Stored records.
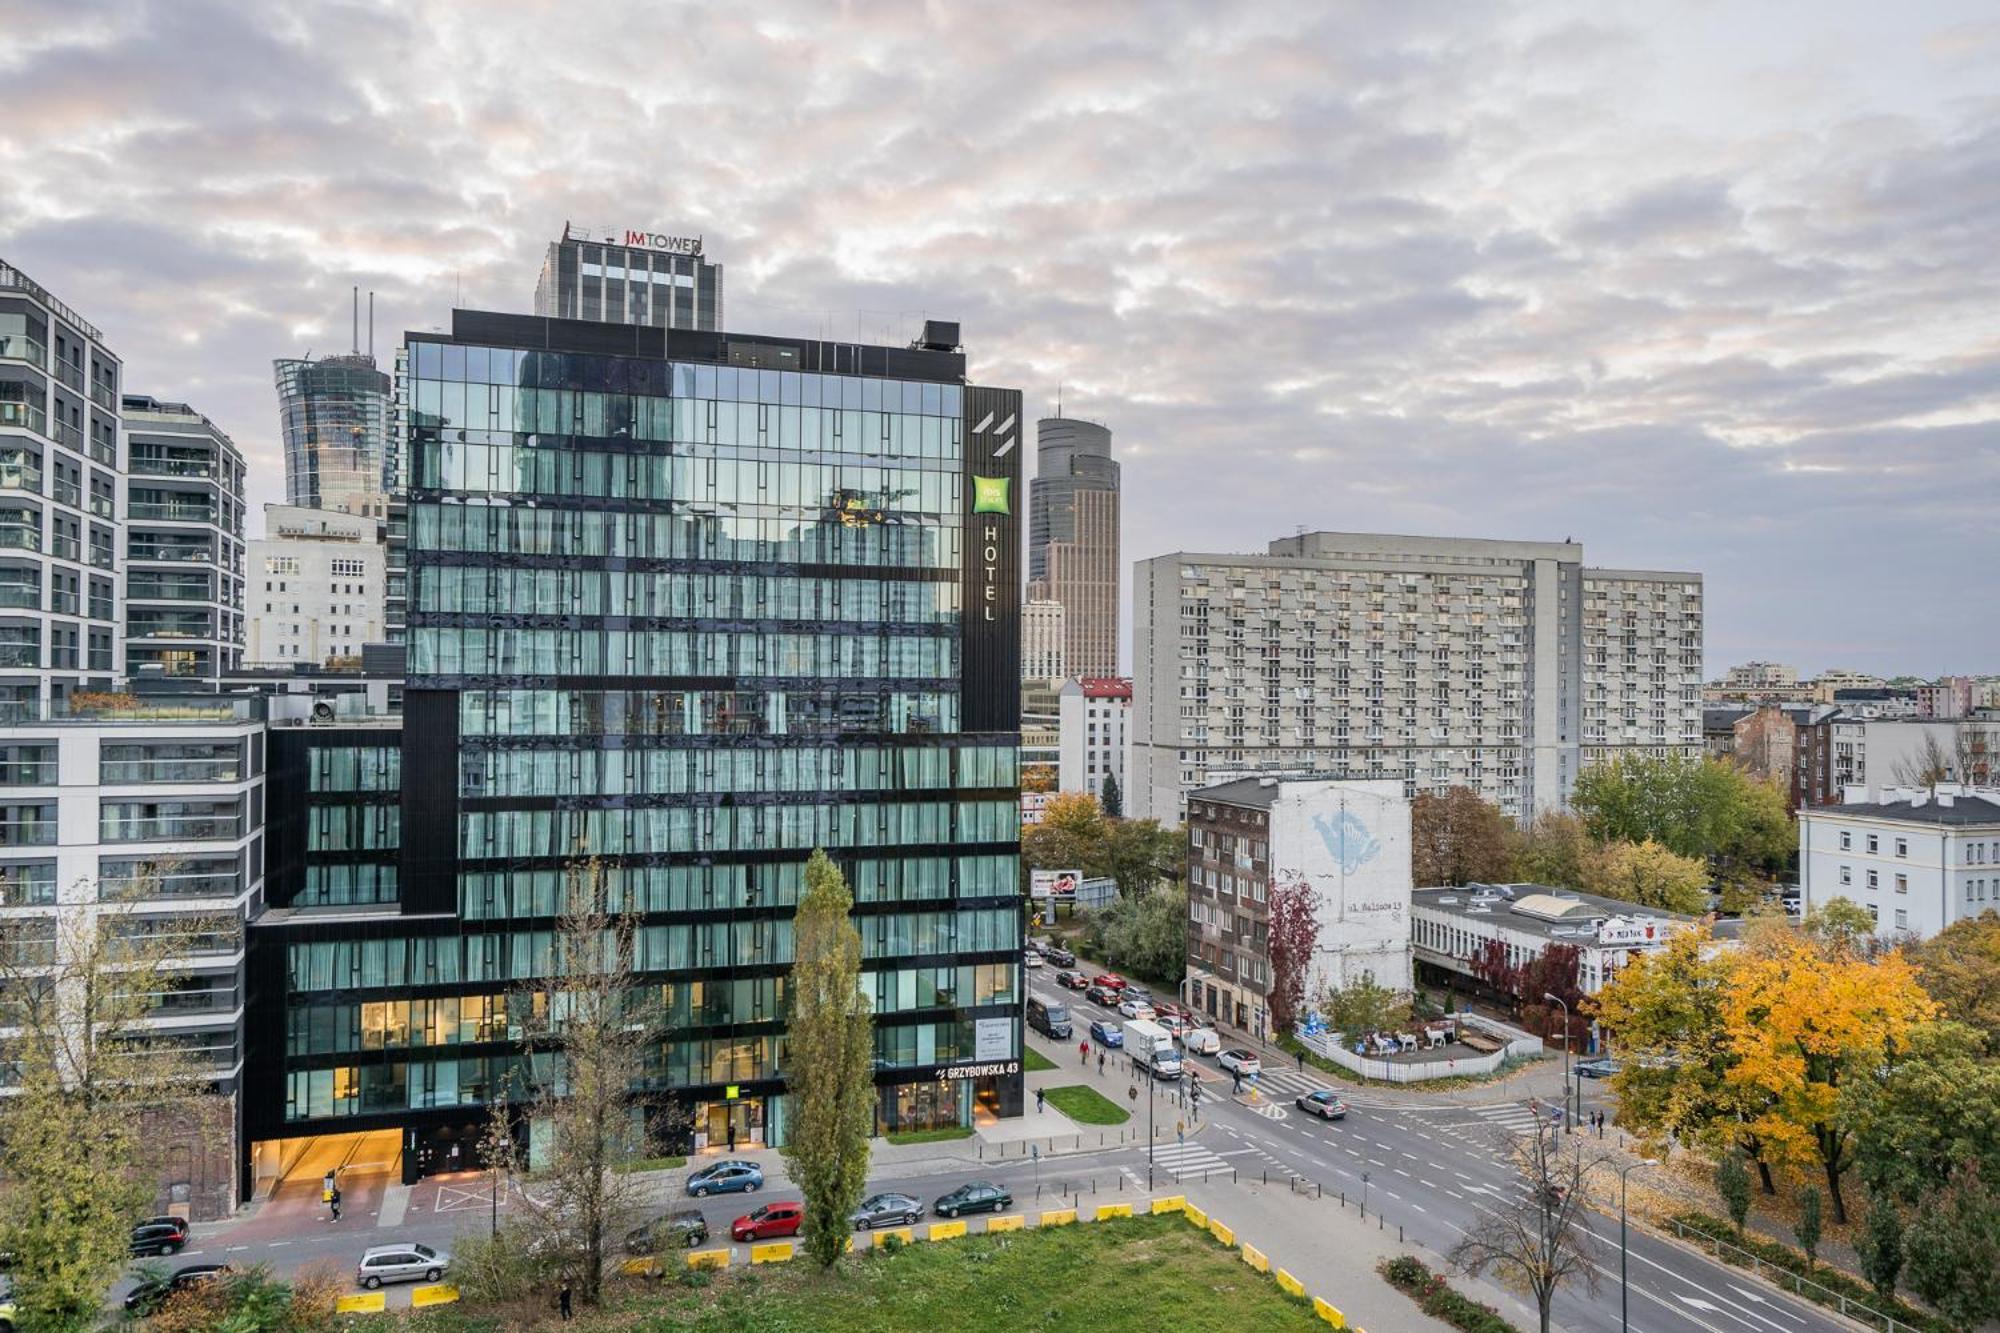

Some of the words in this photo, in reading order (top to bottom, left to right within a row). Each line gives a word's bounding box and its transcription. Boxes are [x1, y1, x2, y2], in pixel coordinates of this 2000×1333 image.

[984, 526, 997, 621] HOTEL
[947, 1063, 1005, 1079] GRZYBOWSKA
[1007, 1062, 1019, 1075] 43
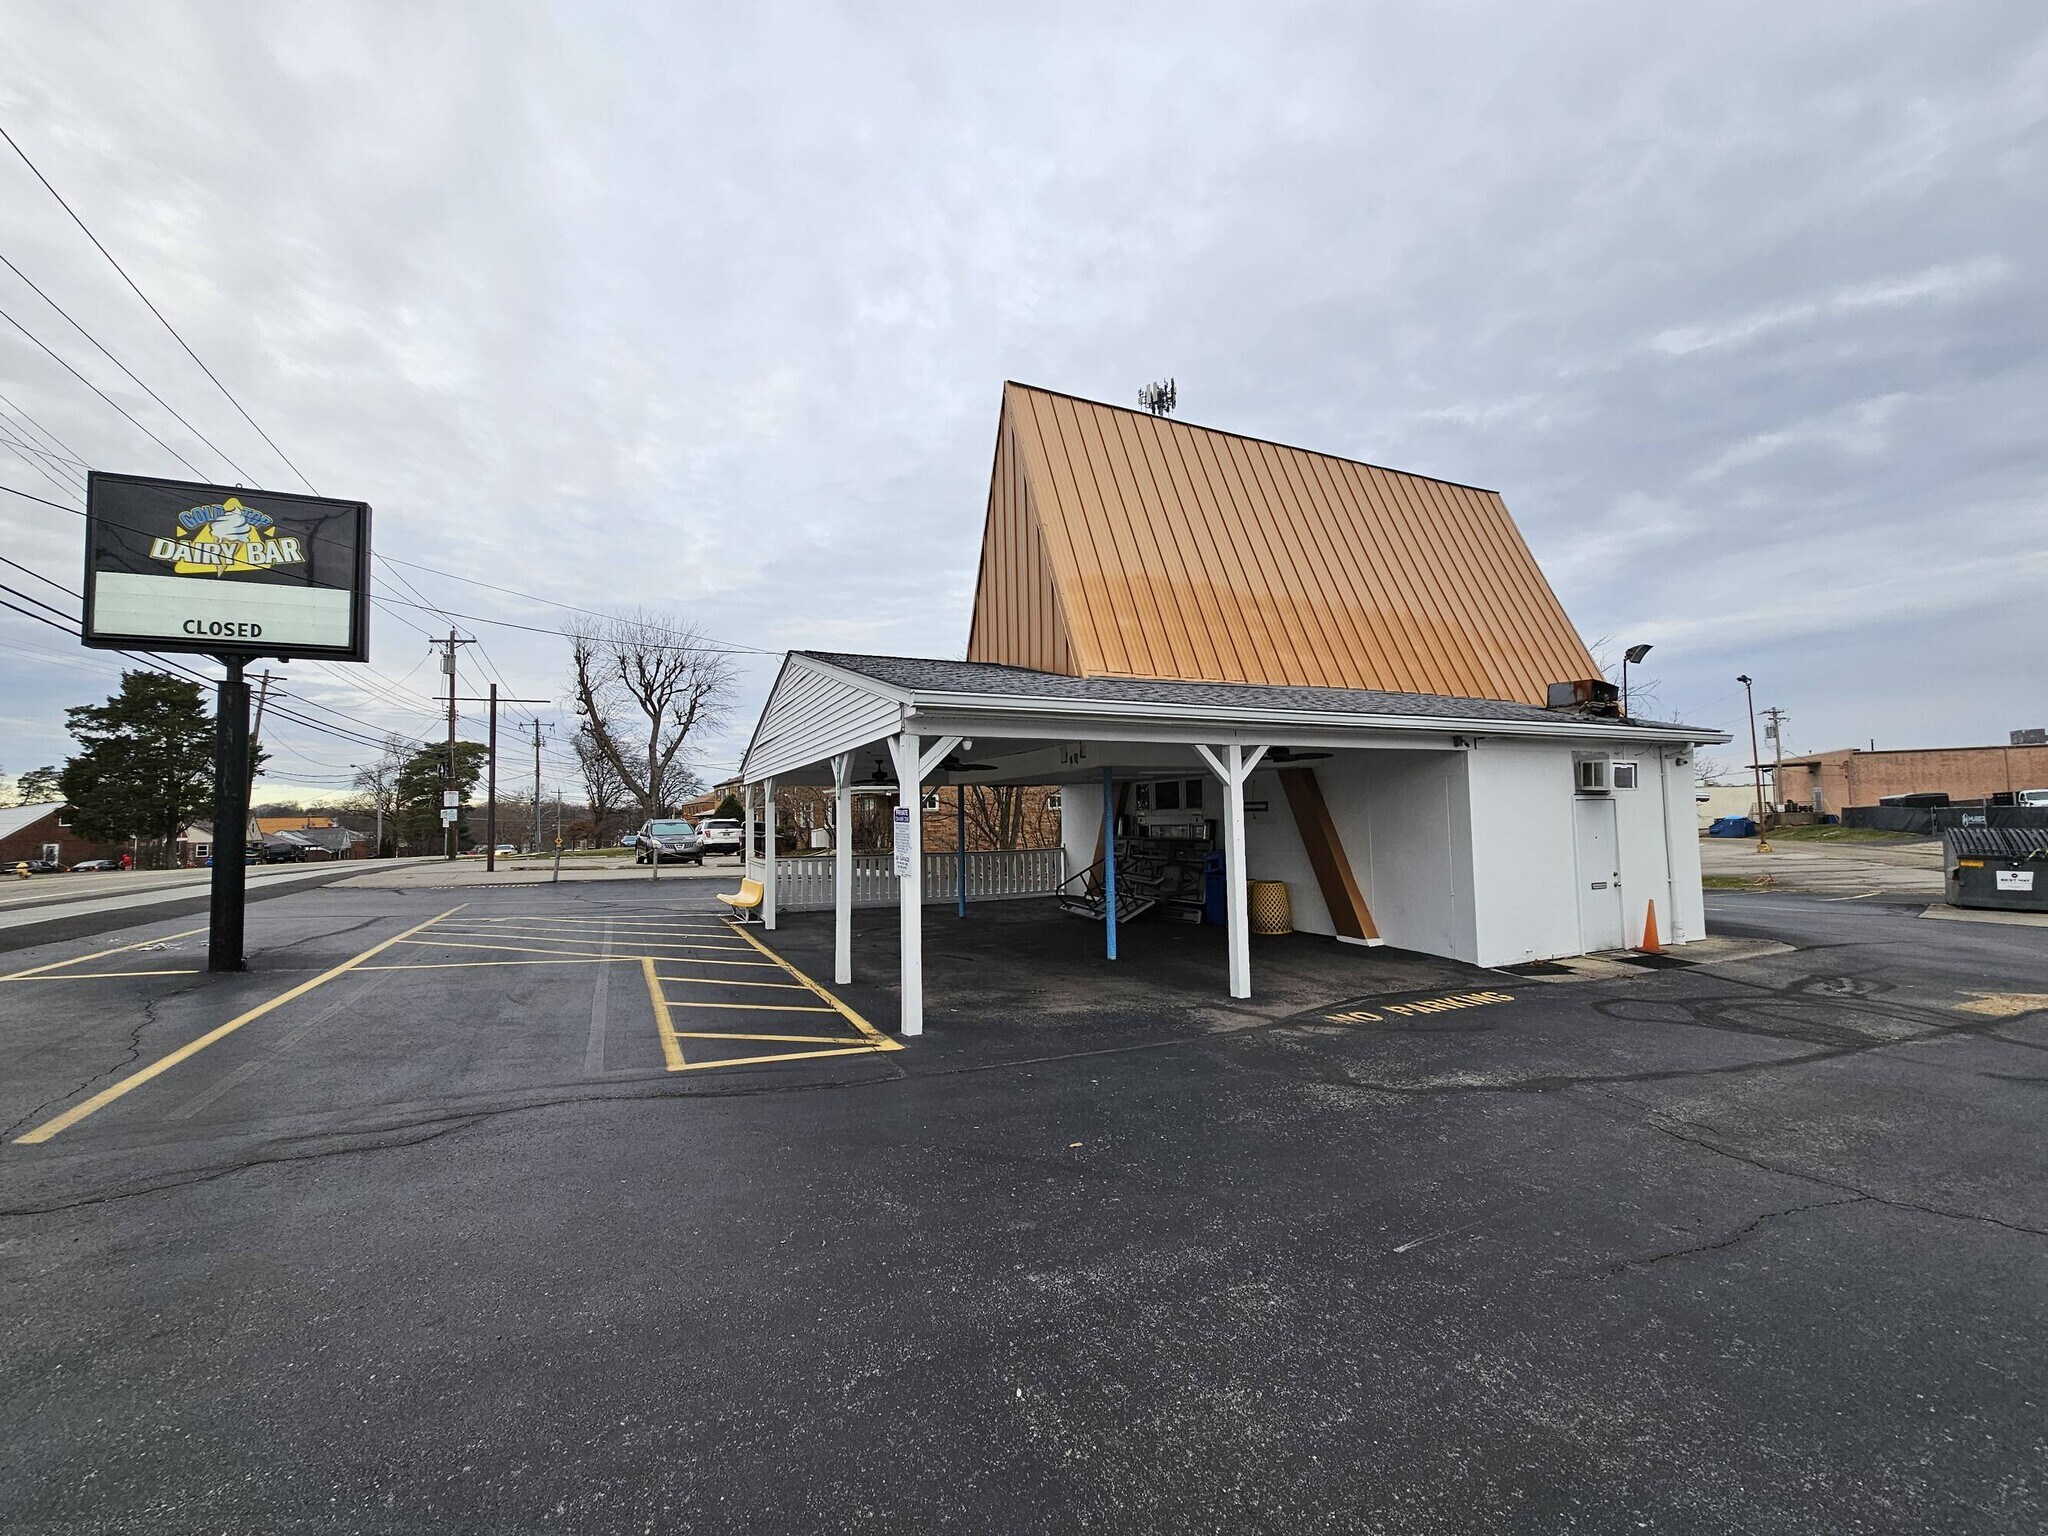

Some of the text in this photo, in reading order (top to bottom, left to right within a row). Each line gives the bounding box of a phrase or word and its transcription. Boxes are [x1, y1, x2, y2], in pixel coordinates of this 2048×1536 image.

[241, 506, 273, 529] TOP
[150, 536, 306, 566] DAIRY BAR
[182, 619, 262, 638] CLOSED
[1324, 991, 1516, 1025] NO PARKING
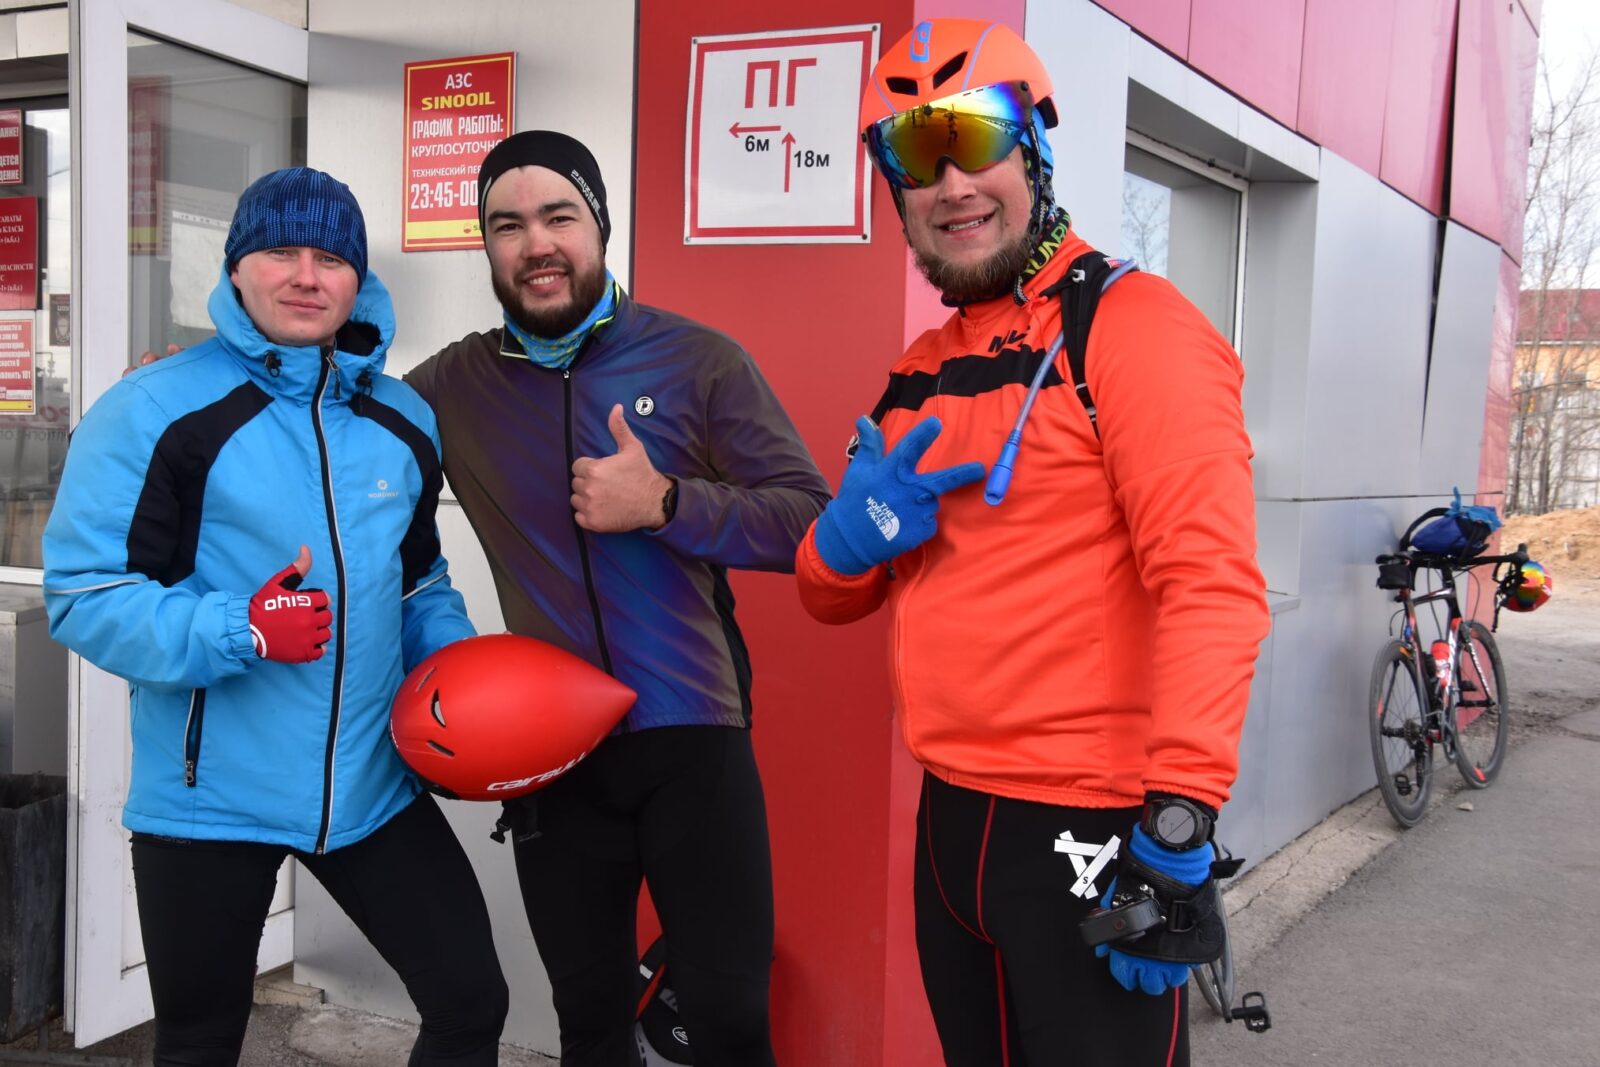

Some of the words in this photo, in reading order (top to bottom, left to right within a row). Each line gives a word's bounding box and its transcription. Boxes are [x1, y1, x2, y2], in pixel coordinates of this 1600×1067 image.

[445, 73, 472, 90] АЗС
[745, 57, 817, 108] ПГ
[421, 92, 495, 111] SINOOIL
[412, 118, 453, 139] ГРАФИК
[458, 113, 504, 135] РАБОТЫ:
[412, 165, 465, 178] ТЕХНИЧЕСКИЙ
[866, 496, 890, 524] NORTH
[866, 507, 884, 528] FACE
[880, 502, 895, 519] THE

Problem to work on. Omit the pictures, then output every record exactly as given.

Task solution.
Some of the words in this photo, in reading order (top to bottom, left to right within a row). Each line gives a word's bounding box and its transcription. Boxes are [x1, y1, x2, y2], in pixel coordinates of this 2000×1333 image.

[984, 526, 997, 621] HOTEL
[947, 1063, 1005, 1079] GRZYBOWSKA
[1007, 1062, 1019, 1075] 43

Some of the text in this photo, in reading order (top to bottom, left to right within a row). Each line gives the bounding box of a phrase or word and its transcription. Boxes are [x1, y1, x2, y2], in pixel coordinates of this 2048×1536 image.

[241, 506, 273, 529] TOP
[150, 536, 306, 566] DAIRY BAR
[182, 619, 262, 638] CLOSED
[1324, 991, 1516, 1025] NO PARKING

Some of the words in this photo, in reading order (top to bottom, left to right within a row). Each line gives a word's bounding box and its transcription. Boxes are [x1, y1, x2, y2], in pixel coordinates of this 1600×1067 image.

[445, 73, 472, 90] АЗС
[745, 57, 817, 108] ПГ
[421, 92, 495, 111] SINOOIL
[412, 118, 453, 139] ГРАФИК
[458, 113, 504, 135] РАБОТЫ:
[412, 165, 465, 178] ТЕХНИЧЕСКИЙ
[866, 496, 890, 524] NORTH
[866, 507, 884, 528] FACE
[880, 502, 895, 519] THE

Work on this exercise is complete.